When my daughter Ella was born in 1995, I went back to working from home in the old cathedral town of Senlis, north of Paris, where my artist husband Mick Finch also has his studio. My multimedia experience gave me new ideas for children's stories and games. En voiture and En bateau were two pull-out play books that took me a long time to develop. They were bought by a reputable French company but never published for packaging reasons. Still, this led to a lot of other work. My illustrations feature still regularly in a number of lively French children's magazines, and are reprinted worldwide. For my first book with Little Hare, Margaret Wild's Kiss, Kiss! I had fun researching central African wildlife, insects and landscapes. The story is about little hippo’s first discovery of the environment beyond his mother. Frances Watt's This Dog Bruce is a book about a dog who wants to play with other farm animals but doesn’t go the right way about it. I came indoors for Knock, knock! with David Bedford. Alongside the musical sounds and the “Who’s there?” guessing game in this flap book, children will spot other things going on.

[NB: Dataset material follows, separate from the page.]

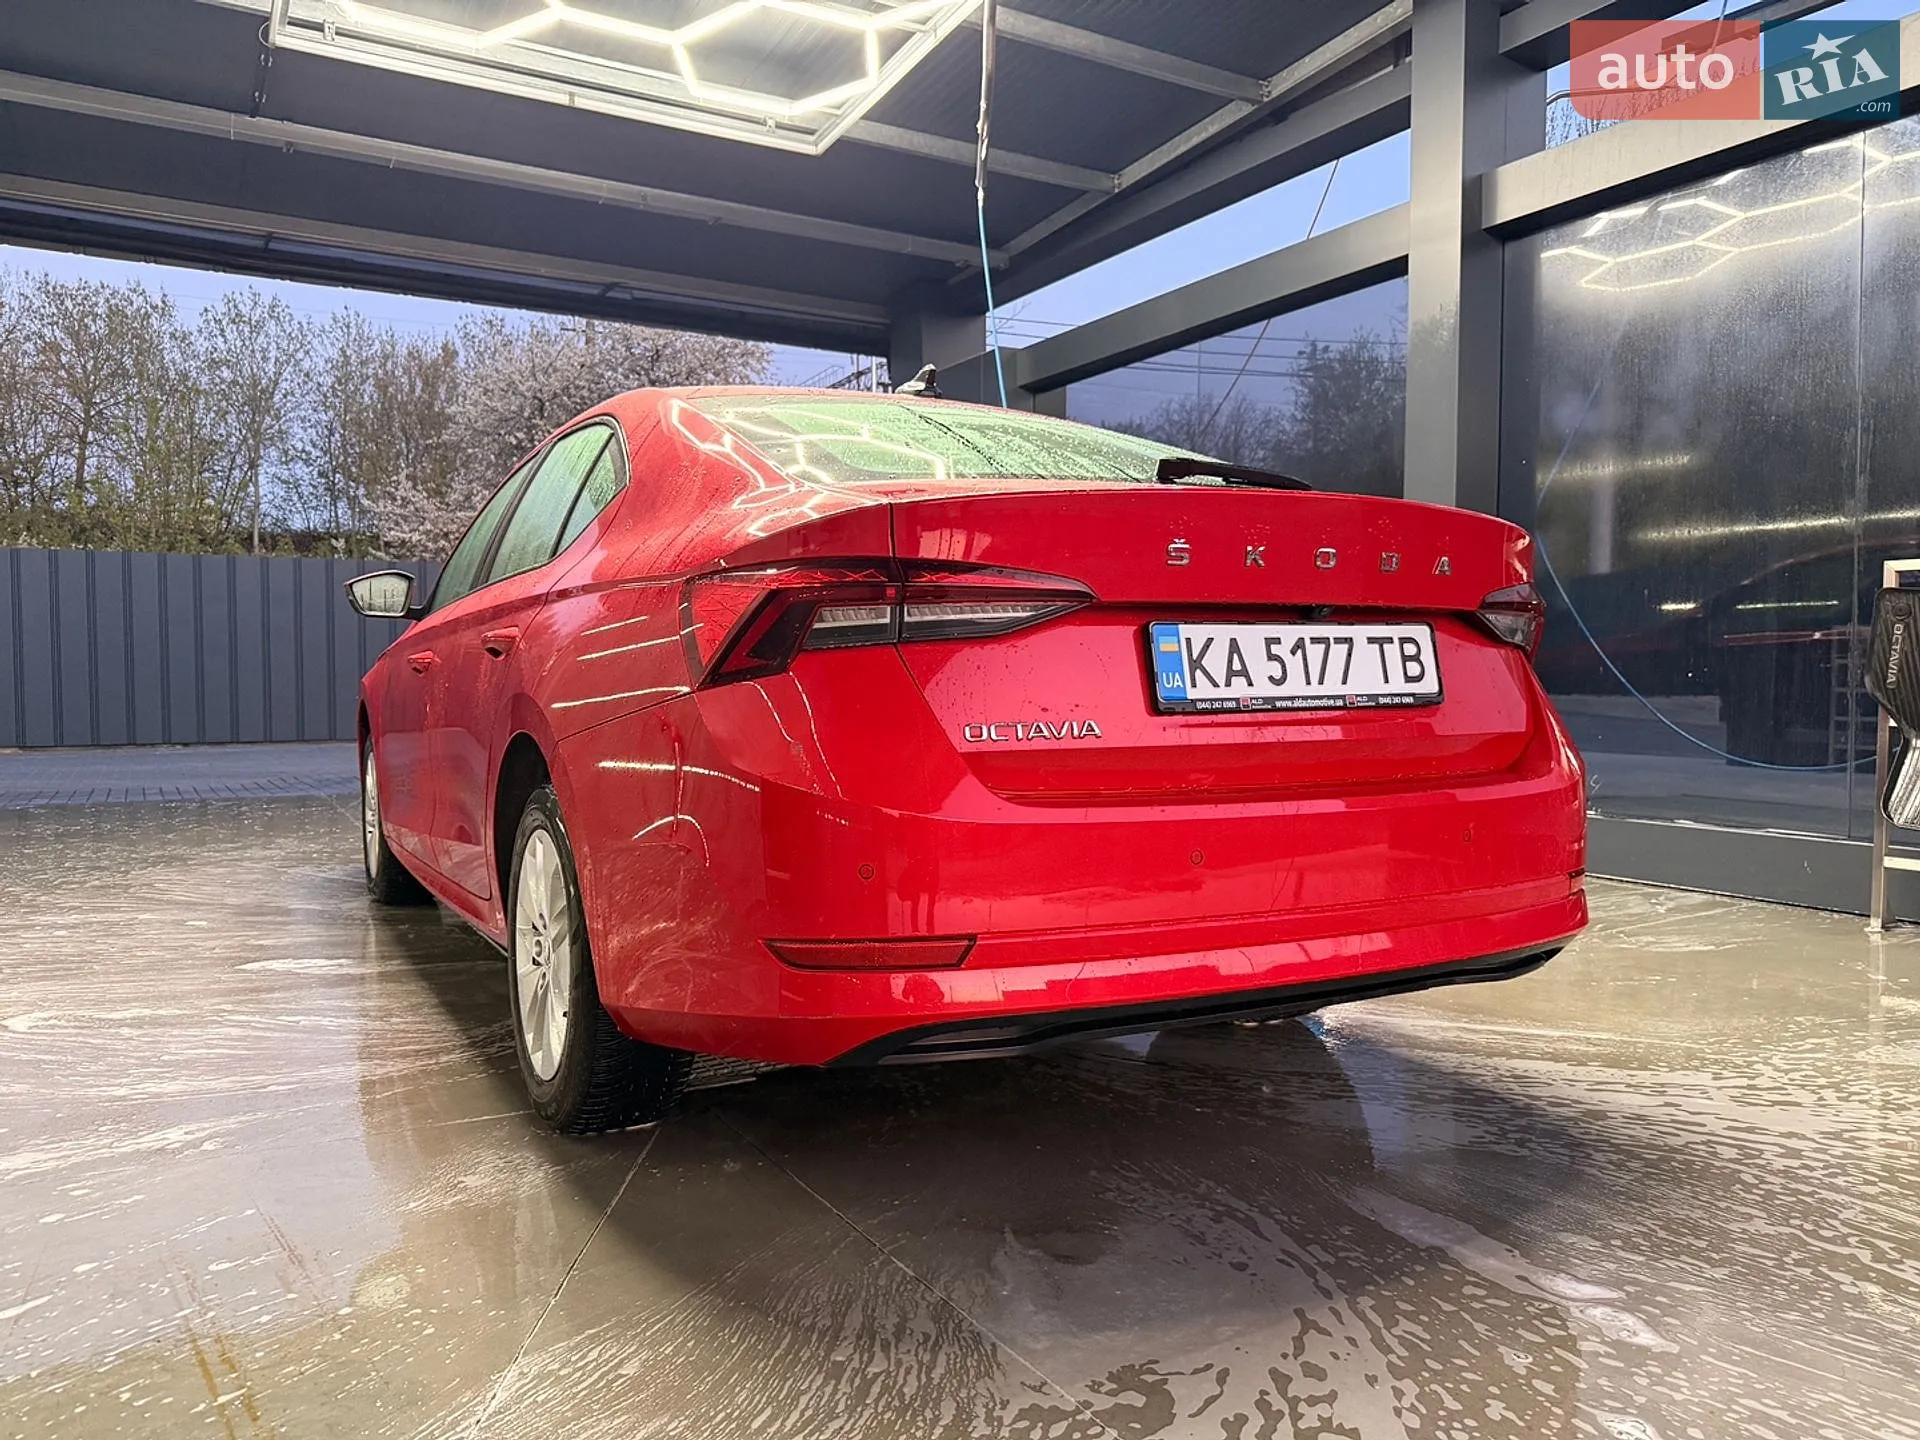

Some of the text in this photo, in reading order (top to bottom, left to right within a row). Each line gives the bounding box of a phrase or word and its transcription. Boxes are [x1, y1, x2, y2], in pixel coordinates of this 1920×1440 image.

Years of working on magazine posters and graphic games for pre-readers, led to Les Petites Mains Dessinent, published by Bayard in France and conceived with Marie-Pascale Cocagne. Each large page is a story picture that a child can complete with their crayons. It’s a challenge to keep things simple and leave space for others to draw!

In 2006, I completed Bridget’s Book of Nursery Rhymes. Like many illustrators before me, I have tried to give a new slant to some favourite rhymes from Mother Goose. I’ve also included a few less well-known rhymes like Cross Patch, and Jumping Joan because I love how they ring true for little ones coping with anger or playing alone. In Philemon Sturges’s How to Make a Baby Smile (HarperCollins US ) there’s a funny parallel in the poem between human and animal parents and babies of many different kinds. To help link the human baby to the ‘real’ animals which I show in their natural habitats, I decided to give the baby toy versions of all the animals, to snuggle up with on the last page.

As SCBWI International Illustrator Coordinator, I take part in conferences with other children's book creators in France and elsewhere in the world. I also teach at Parson's Paris School of Design where I enjoy sharing with the students my love of originally designed and illustrated books.